EXERCISE> Leaving out all pictures, write out word for word the lines from the one containing "this 1280×1440 image." to the end of the data below.

(Entries taken from a collection)
*-*-*

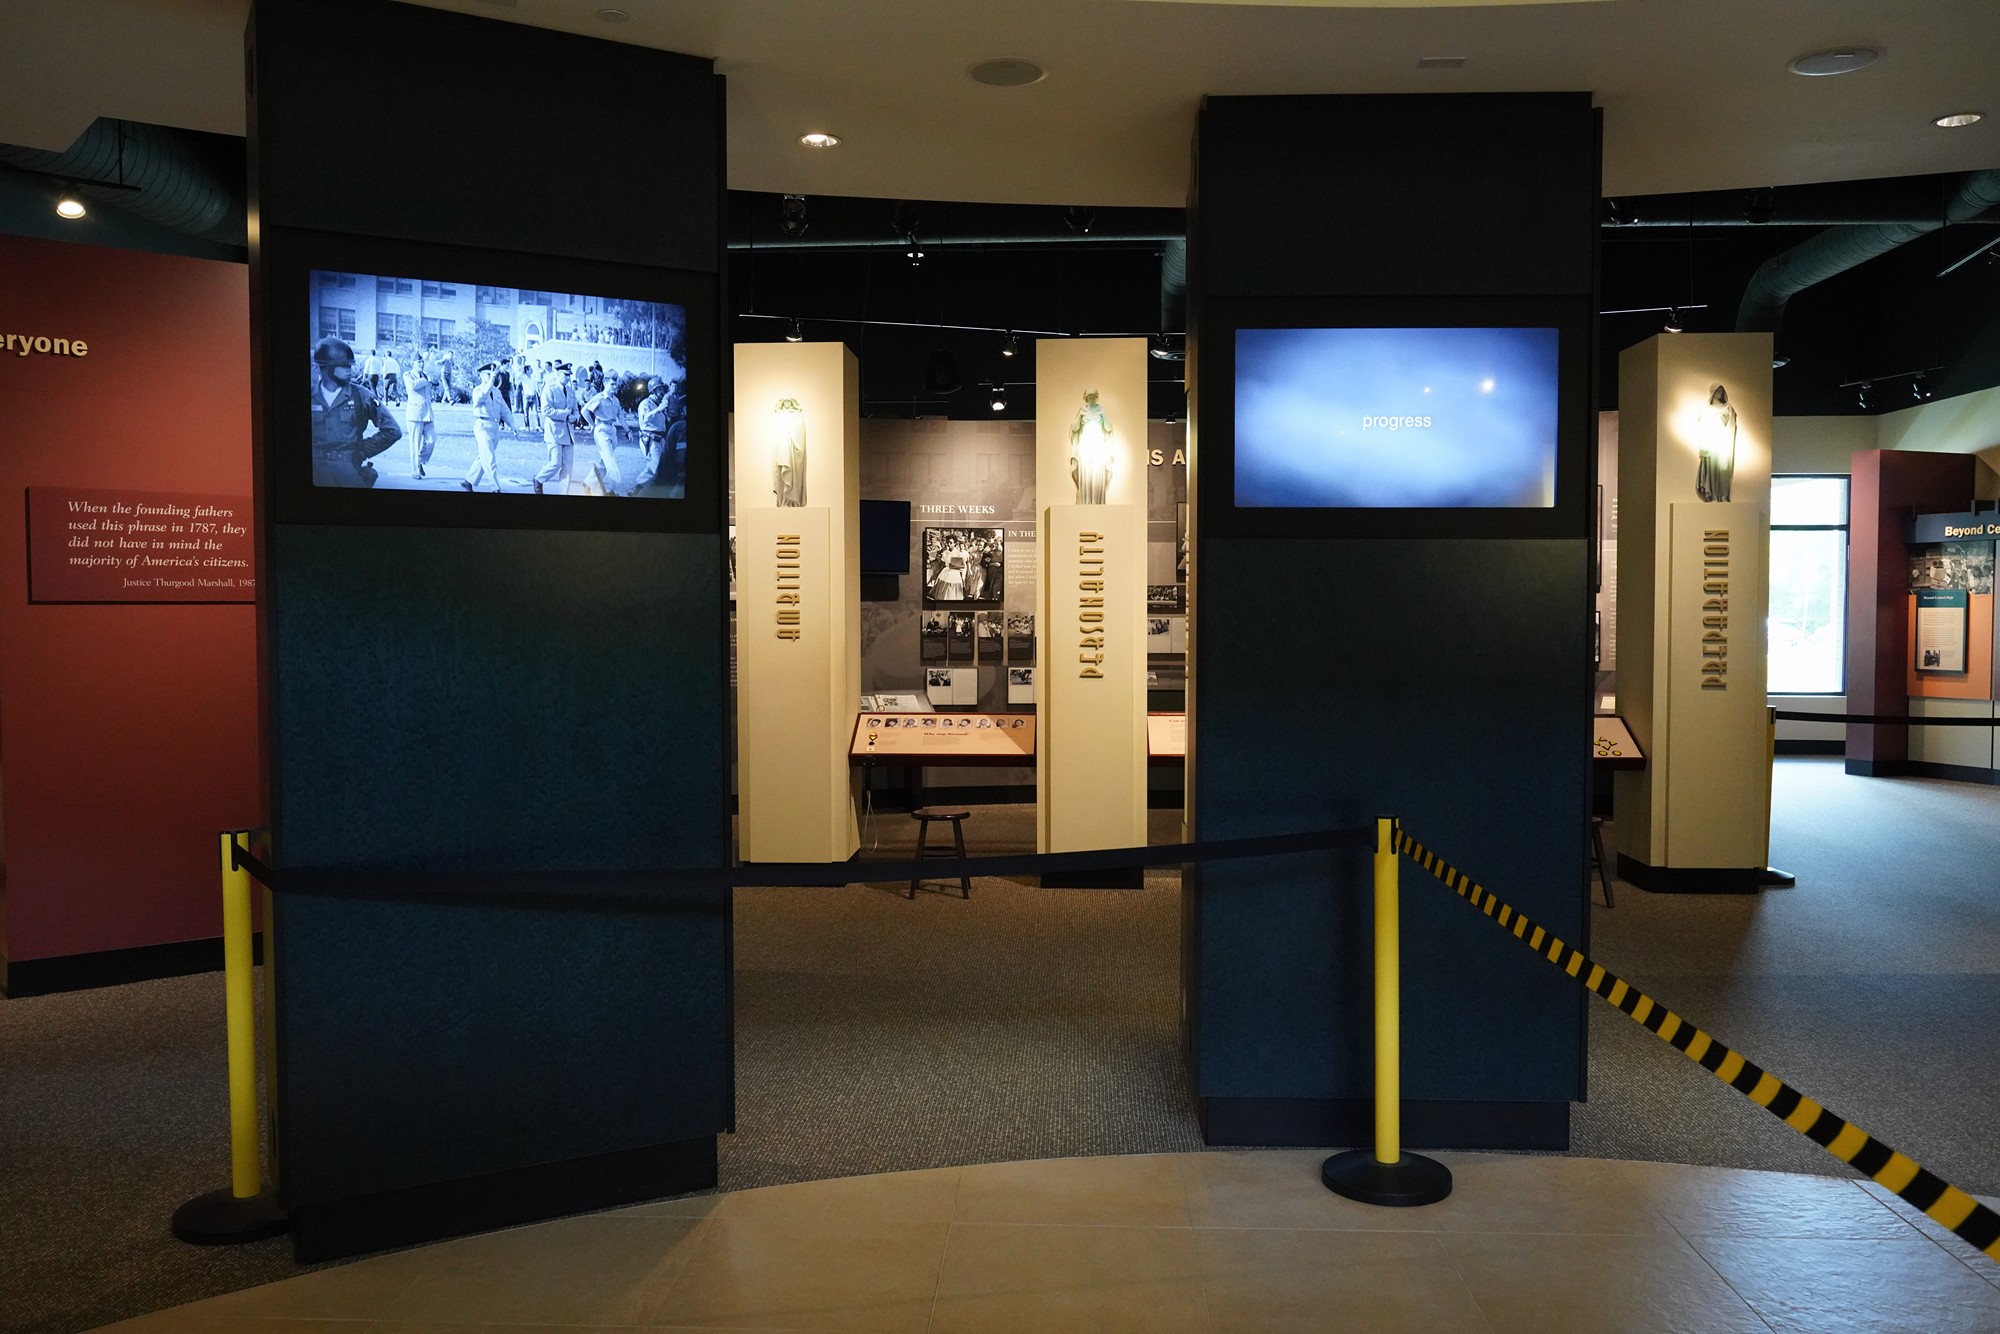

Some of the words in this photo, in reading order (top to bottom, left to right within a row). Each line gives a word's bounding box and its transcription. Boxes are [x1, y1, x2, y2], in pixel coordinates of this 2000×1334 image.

[0, 334, 88, 357] ryone
[1362, 414, 1432, 431] progress
[68, 501, 108, 513] When
[112, 502, 132, 514] the
[134, 503, 191, 518] founding
[192, 505, 234, 519] fathers
[920, 504, 956, 514] THREE
[958, 505, 995, 514] WEEKS
[68, 519, 97, 531] used
[101, 519, 124, 531] this
[128, 520, 167, 534] phrase
[171, 522, 184, 533] in
[189, 523, 218, 535] 1787,
[222, 524, 247, 537] they
[1008, 530, 1018, 538] IN
[1019, 530, 1036, 538] THE
[1945, 524, 1984, 538] Beyond
[68, 536, 89, 548] did
[94, 538, 115, 548] not
[119, 537, 148, 549] have
[152, 538, 164, 549] in
[169, 539, 200, 550] mind
[204, 539, 223, 550] the
[69, 555, 123, 568] majority
[125, 554, 139, 569] of
[141, 555, 200, 567] America's
[203, 556, 249, 567] citizens.
[123, 577, 151, 589] Justice
[154, 578, 195, 588] Thurgood
[197, 579, 236, 588] Marshall,
[776, 534, 800, 642] AMBITION
[1079, 531, 1104, 678] PERSONALITY
[1701, 530, 1730, 690] PREPARATION
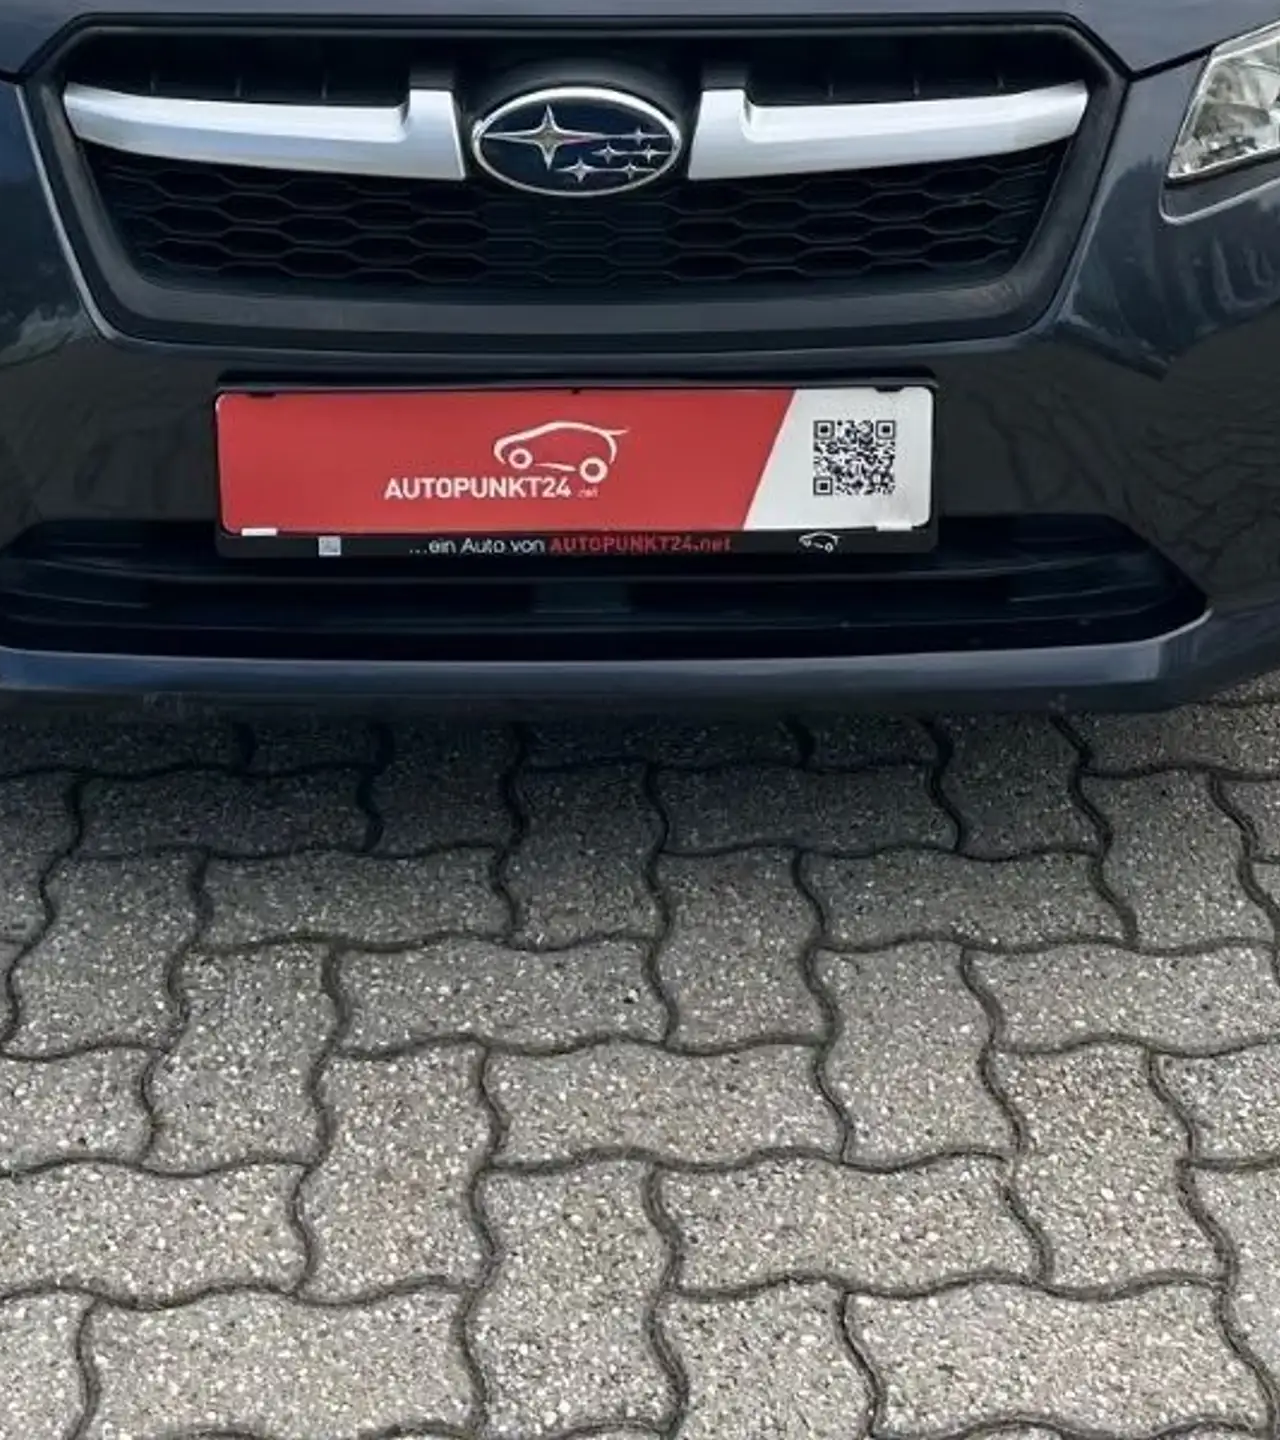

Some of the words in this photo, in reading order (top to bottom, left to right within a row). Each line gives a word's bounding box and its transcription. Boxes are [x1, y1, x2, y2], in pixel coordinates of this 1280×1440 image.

[383, 476, 572, 501] AUTOPUNKT24
[460, 537, 506, 555] Auto
[510, 541, 546, 555] von
[549, 536, 732, 554] AUTOPUNKT24.net
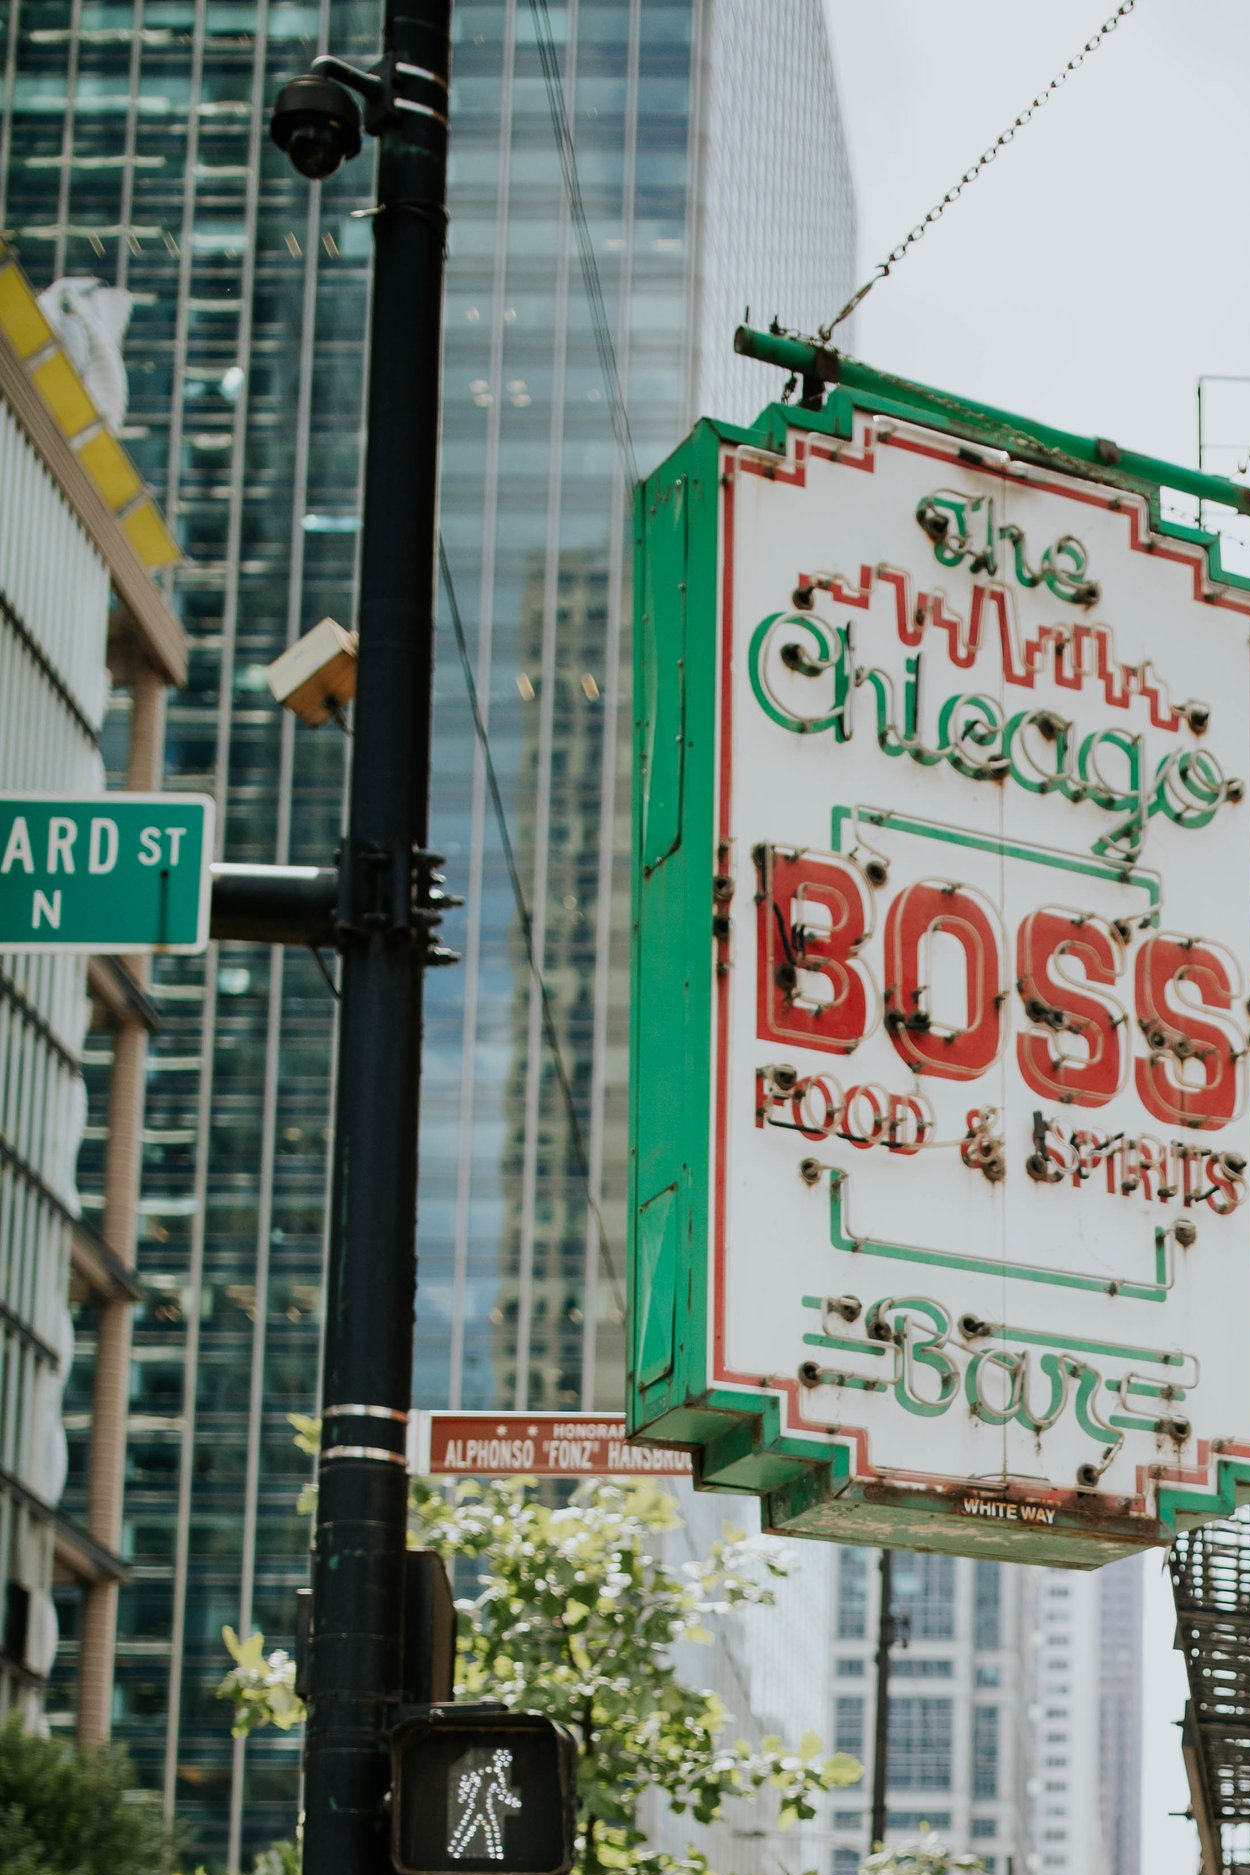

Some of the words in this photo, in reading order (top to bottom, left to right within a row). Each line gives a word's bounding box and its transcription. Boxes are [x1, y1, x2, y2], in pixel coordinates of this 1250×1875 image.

[749, 612, 1244, 861] Chicago
[1, 817, 119, 875] ARD
[137, 826, 187, 867] ST
[31, 890, 62, 930] N
[755, 845, 1247, 1131] BOSS
[756, 1069, 934, 1155] FOOD
[961, 1108, 1005, 1176] &
[1032, 1114, 1249, 1214] SPIRITS
[866, 1296, 1125, 1444] Bar
[444, 1439, 535, 1469] ALPHONSO
[542, 1440, 600, 1469] "FONZ"
[963, 1497, 1018, 1520] WHITE
[1020, 1505, 1056, 1525] WAY

*-*-*

FINISHED EXERCISE>
Some of the words in this photo, in reading order (top to bottom, left to right within a row). Each line gives a word's bounding box and its transcription. Boxes are [x1, y1, x2, y2], in pixel coordinates of this 1280×1440 image.

[383, 476, 572, 501] AUTOPUNKT24
[460, 537, 506, 555] Auto
[510, 541, 546, 555] von
[549, 536, 732, 554] AUTOPUNKT24.net

Some of the words in this photo, in reading order (top to bottom, left to right within a row). Each line gives a word's bounding box and its transcription. Boxes are [x1, y1, x2, y2], in pixel coordinates of this 1250×1875 image.

[749, 612, 1244, 861] Chicago
[1, 817, 119, 875] ARD
[137, 826, 187, 867] ST
[31, 890, 62, 930] N
[755, 845, 1247, 1131] BOSS
[756, 1069, 934, 1155] FOOD
[961, 1108, 1005, 1176] &
[1032, 1114, 1249, 1214] SPIRITS
[866, 1296, 1125, 1444] Bar
[444, 1439, 535, 1469] ALPHONSO
[542, 1440, 600, 1469] "FONZ"
[963, 1497, 1018, 1520] WHITE
[1020, 1505, 1056, 1525] WAY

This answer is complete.